State of Tennessee v. Shelenda Nicole Windmon

CourtCourt of Criminal Appeals of Tennessee
DecidedNovember 7, 2013
DocketM2012-02540-CCA-R3-CD
StatusPublished

This text of State of Tennessee v. Shelenda Nicole Windmon (State of Tennessee v. Shelenda Nicole Windmon) is published on Counsel Stack Legal Research, covering Court of Criminal Appeals of Tennessee primary law. Counsel Stack provides free access to over 12 million legal documents including statutes, case law, regulations, and constitutions.

Bluebook
State of Tennessee v. Shelenda Nicole Windmon, (Tenn. Ct. App. 2013).

Opinion

IN THE COURT OF CRIMINAL APPEALS OF TENNESSEE AT NASHVILLE Assigned on Briefs September 17, 2013

STATE OF TENNESSEE v. SHELENDA NICOLE WINDMON

Appeal from the Criminal Court for Davidson County No. 2012-A-61 Cheryl Blackburn, Judge

No. M2012-02540-CCA-R3-CD Filed November 7, 2013

Shelenda Nicole Windmon (“the Defendant”) pleaded guilty to one count of attempt to commit aggravated child abuse. Pursuant to her plea agreement, the Defendant was sentenced as a Range II offender to six years with manner of service to be determined by the trial court. After a hearing, the trial court granted probation but denied the Defendant’s request for judicial diversion. The Defendant now appeals the trial court’s denial of judicial diversion. Upon our thorough review of the record and applicable law, we affirm the judgment of the trial court.
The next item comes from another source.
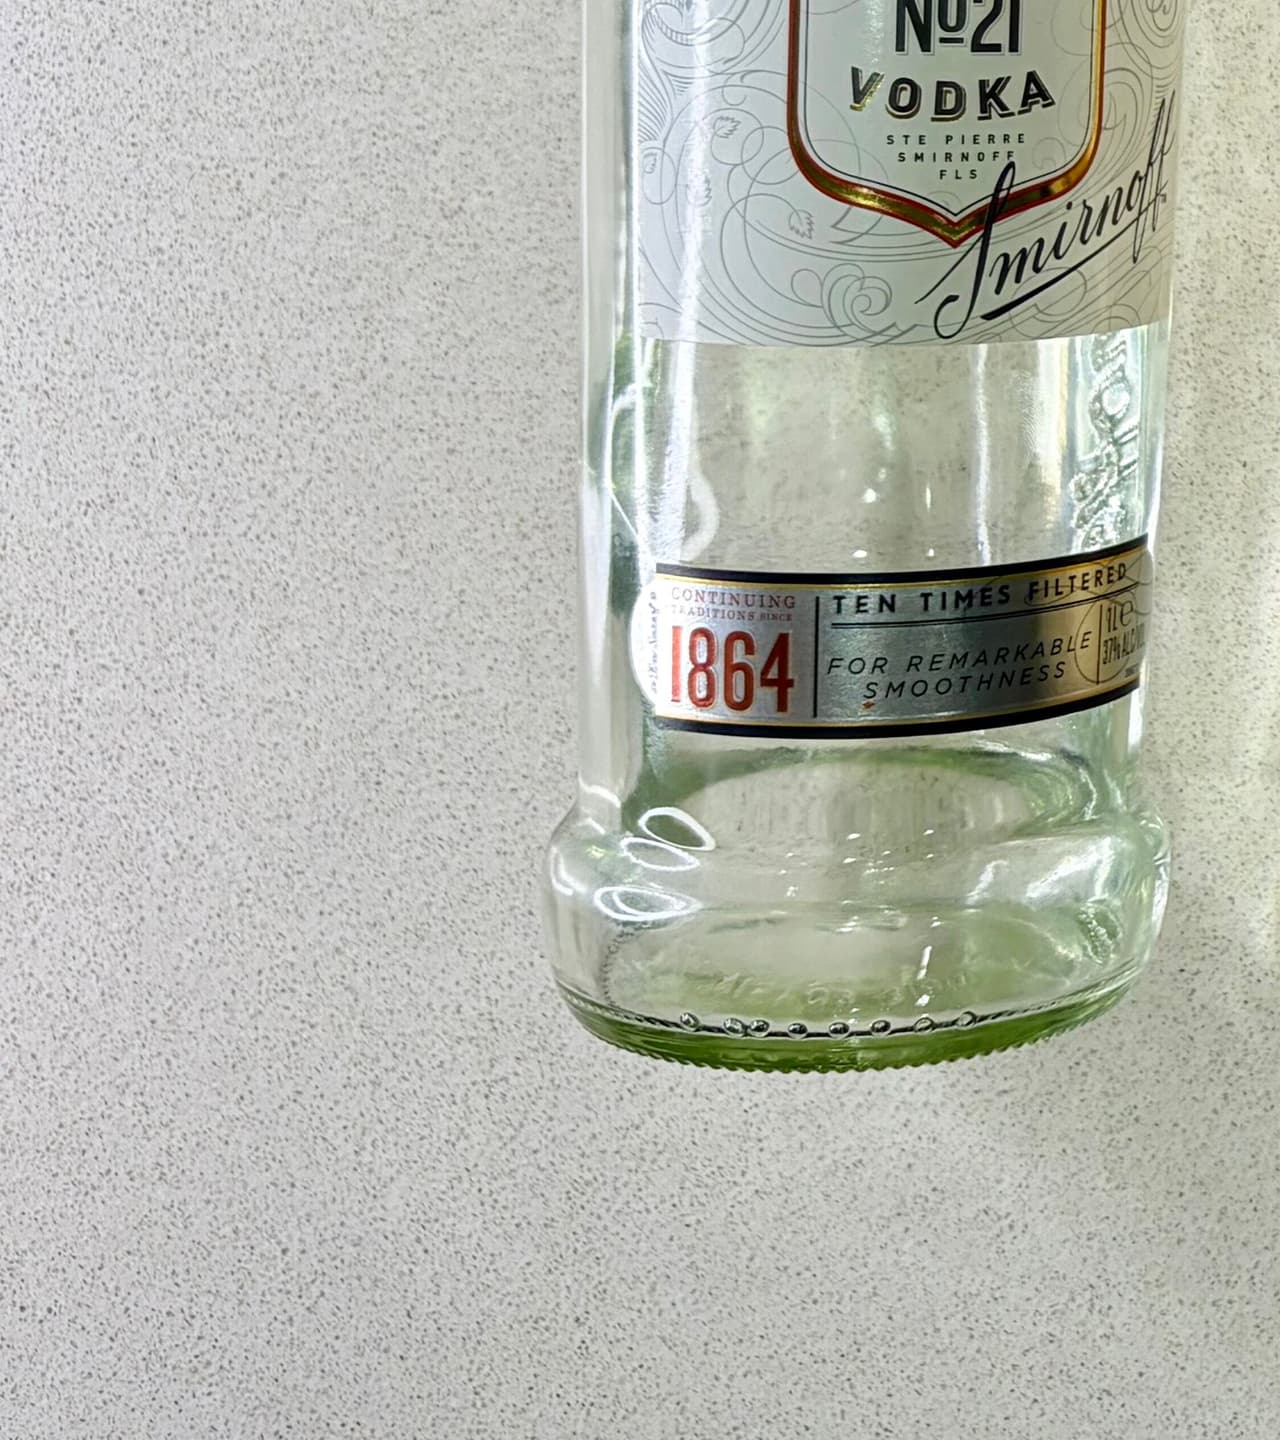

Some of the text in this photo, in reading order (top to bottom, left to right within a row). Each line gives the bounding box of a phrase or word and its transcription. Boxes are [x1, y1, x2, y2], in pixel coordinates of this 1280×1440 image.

Tenn. R. App. P. 3 Appeal as of Right; Judgment of the Criminal Court Affirmed

J EFFREY S. B IVINS, J., delivered the opinion of the Court, in which J OSEPH M. T IPTON, P.J., and A LAN E. G LENN, J., joined.

Eugenia R. Grayer, Nashville, Tennessee, for the appellant, Shelenda Nicole Windmon.

Robert E. Cooper, Jr., Attorney General and Reporter; Kyle Hixson, Assistant Attorney General; Victor S. Johnson III, District Attorney General; and Brian Holmgren, Assistant District Attorney General, for the appellee, State of Tennessee.

OPINION

Factual and Procedural Background

The Defendant was charged with two counts of aggravated child abuse, committed in October 2011. The Defendant subsequently pleaded guilty to one count of attempted aggravated child abuse, and the second count of the indictment was dismissed. At the sentencing hearing to determine the manner of service of the sentence and to address the Defendant’s request for judicial diversion, the following proof was adduced:

Officer Jason King of the Metro Nashville Police Department (“MNPD”) testified that he was working patrol on the evening of October 5, 2011. He and his field training officer, Officer Mac Peebles, responded to a call that a naked child was running down the street. Officer King saw the child a few seconds after another officer had caught and restrained him. The child was “very hysterical and crying” and expressed his fear that the officers would return him to his mother. The child told the officers that he was thirteen years old. The officers placed the child (“the victim”) in the back of a patrol car and obtained some clothes for him from a neighbor.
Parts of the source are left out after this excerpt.